Abstract
The experimental study presented was undertaken to evaluate the role of platelet function contributing the cerebral microcirculatory disturbance during the post-cerebral ischemia, and to examine effects of antiplatelet agent, ticlopidine, on this condition.
Following Pulsinelli's method, rats were subjected to global cerebral ischemia by means of temorary clips on both common carotid for fifteen or thirty minutes after previous ligation of both vertebral arteries. The animals were assigned to three groups by administration of the drug as follow; 1) intact control group, 2) ischemic group without drug, 3) ischemic group with 100 mg/kg of ticlopidine given orally three hours before insult. The morphological changes of platelet were observed by scanning electron microscope and the platelet aggregability to ADP were recorded on each group at five minutes and thirty minutes after recirculation. The degree and distribution of no-reflow phenomenon after reperfusion was assessed by means of carbon black perfusion method in serial coronal section.

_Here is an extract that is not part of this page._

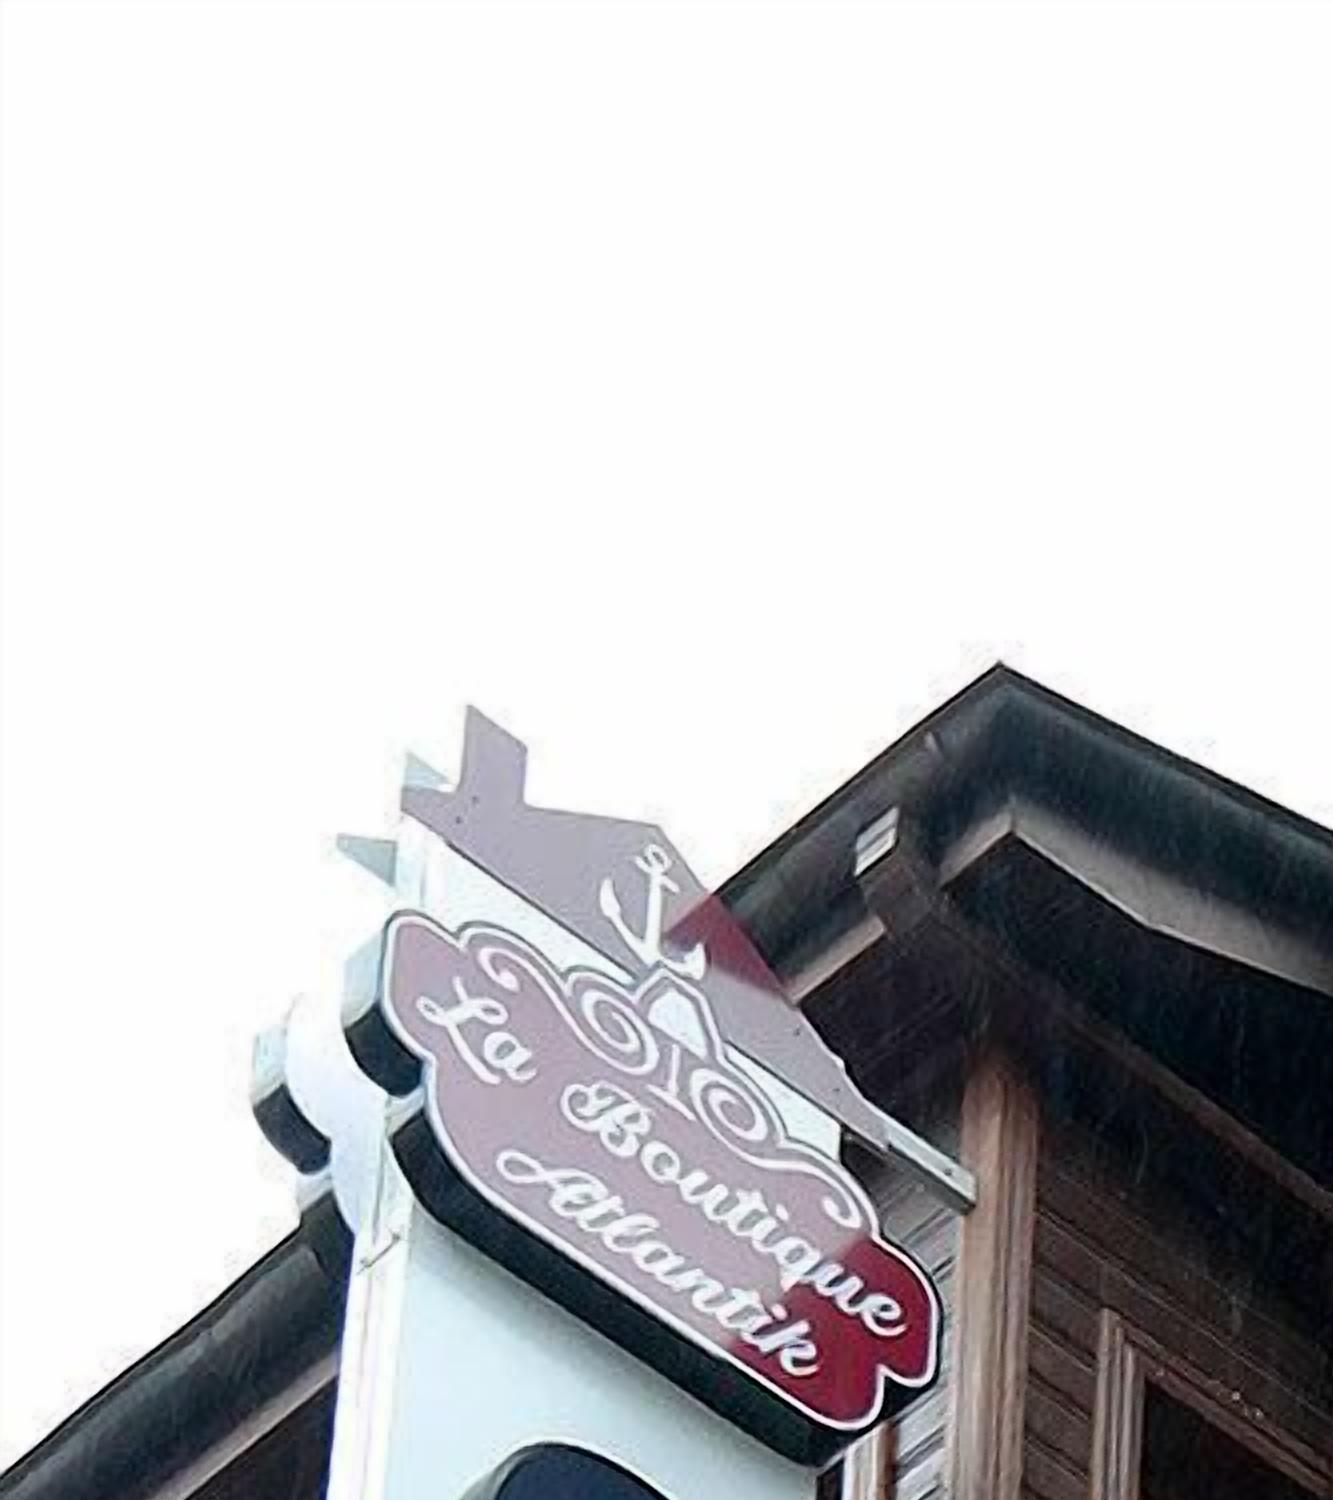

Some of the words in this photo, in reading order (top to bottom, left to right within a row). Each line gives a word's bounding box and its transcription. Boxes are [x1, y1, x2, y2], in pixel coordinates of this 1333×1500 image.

Compared with the intact control group, ischemic animals without ticlopidine showed significantly increased aggregability of platelet and increased numbers of activated from of platelet during their post-ischemic period. This group also had impaired reperfusion after ischemia on carbon black perfusion method.
While, in ischemic group treated with ticlopidine, platelet aggregability and number of activated form of platelet were significantly decreased and impaired reperfusion seemed to be also improved. Ticlopidine improved survival rate after fifteen minutes of cerebral ischemia but did not in cases of thirty minutes of ischemia.